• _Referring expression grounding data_
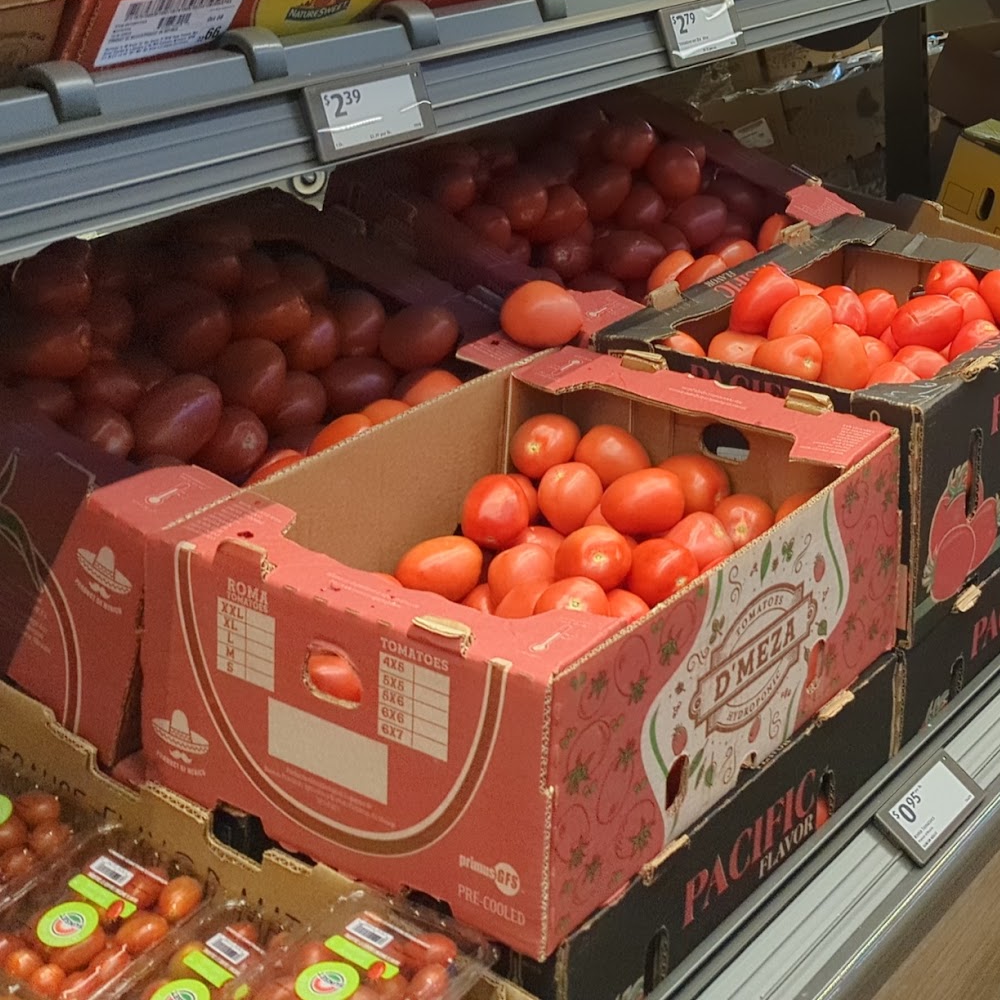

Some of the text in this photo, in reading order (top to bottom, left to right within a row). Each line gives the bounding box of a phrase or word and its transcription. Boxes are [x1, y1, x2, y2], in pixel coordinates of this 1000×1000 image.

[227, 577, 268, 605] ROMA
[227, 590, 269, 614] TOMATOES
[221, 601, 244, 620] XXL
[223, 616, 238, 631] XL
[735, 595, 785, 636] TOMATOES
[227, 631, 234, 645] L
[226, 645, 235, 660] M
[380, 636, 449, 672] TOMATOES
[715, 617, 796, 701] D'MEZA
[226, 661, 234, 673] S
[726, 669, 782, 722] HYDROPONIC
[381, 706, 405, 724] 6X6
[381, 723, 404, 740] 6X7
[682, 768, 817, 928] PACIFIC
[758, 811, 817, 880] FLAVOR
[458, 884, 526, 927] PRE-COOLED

• _Directions for this task_
The answer must be an exact copy of the records, with no pictures in it.

• _Exercise response_
Some of the text in this photo, in reading order (top to bottom, left to right within a row). Each line gives the bounding box of a phrase or word and its transcription. Boxes are [x1, y1, x2, y2], in pixel coordinates of this 1000×1000 image.

[227, 577, 268, 605] ROMA
[227, 590, 269, 614] TOMATOES
[221, 601, 244, 620] XXL
[223, 616, 238, 631] XL
[735, 595, 785, 636] TOMATOES
[227, 631, 234, 645] L
[226, 645, 235, 660] M
[380, 636, 449, 672] TOMATOES
[715, 617, 796, 701] D'MEZA
[226, 661, 234, 673] S
[726, 669, 782, 722] HYDROPONIC
[381, 706, 405, 724] 6X6
[381, 723, 404, 740] 6X7
[682, 768, 817, 928] PACIFIC
[758, 811, 817, 880] FLAVOR
[458, 884, 526, 927] PRE-COOLED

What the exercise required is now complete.